Word for word, and without a single picture, repeat the entries.

Extracted entries:
★ ★ ★ ★ ★

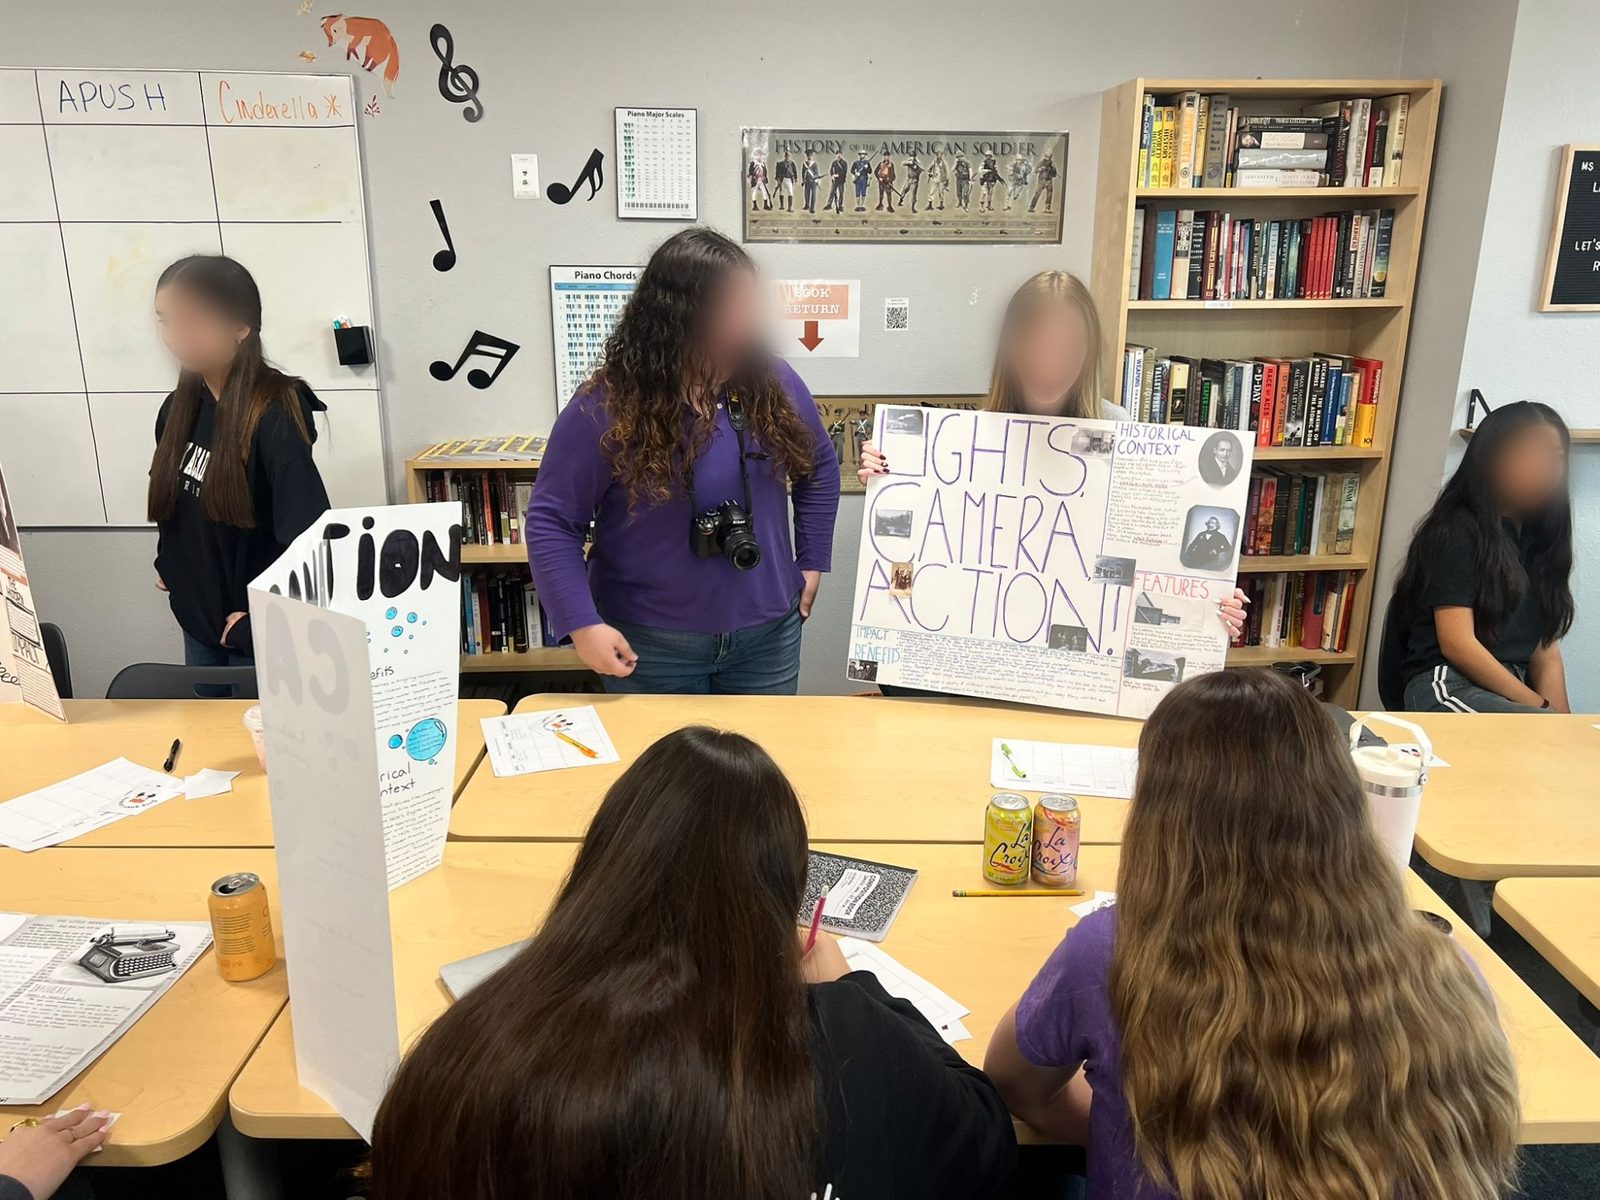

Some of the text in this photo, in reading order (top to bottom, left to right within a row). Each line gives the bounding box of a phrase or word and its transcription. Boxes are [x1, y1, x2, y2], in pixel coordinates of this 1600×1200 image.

[58, 80, 167, 113] APUSH
[218, 80, 318, 123] Cinderella
[775, 139, 846, 155] HISTORY
[879, 140, 967, 156] AMERICAN
[972, 142, 1037, 156] SOLDIER
[1581, 162, 1594, 171] MS
[574, 271, 637, 280] Piano Chords
[784, 304, 840, 314] RETURN
[1308, 407, 1316, 428] ATOMIC
[1120, 423, 1196, 442] HISTORICAL
[1117, 440, 1181, 456] CONTEXT
[868, 481, 1091, 582] CAMERA,
[1132, 572, 1210, 600] FEATURES
[854, 626, 889, 641] IMPACT
[854, 644, 900, 664] BENEFITS
[1011, 823, 1030, 849] La
[1044, 826, 1066, 852] La

★ ★ ★ ★ ★

Result of this task:
Some of the text in this photo, in reading order (top to bottom, left to right within a row). Each line gives the bounding box of a phrase or word and its transcription. Boxes are [x1, y1, x2, y2], in pixel coordinates of this 1600×1200 image.

[58, 80, 167, 113] APUSH
[218, 80, 318, 123] Cinderella
[775, 139, 846, 155] HISTORY
[879, 140, 967, 156] AMERICAN
[972, 142, 1037, 156] SOLDIER
[1581, 162, 1594, 171] MS
[574, 271, 637, 280] Piano Chords
[784, 304, 840, 314] RETURN
[1308, 407, 1316, 428] ATOMIC
[1120, 423, 1196, 442] HISTORICAL
[1117, 440, 1181, 456] CONTEXT
[868, 481, 1091, 582] CAMERA,
[1132, 572, 1210, 600] FEATURES
[854, 626, 889, 641] IMPACT
[854, 644, 900, 664] BENEFITS
[1011, 823, 1030, 849] La
[1044, 826, 1066, 852] La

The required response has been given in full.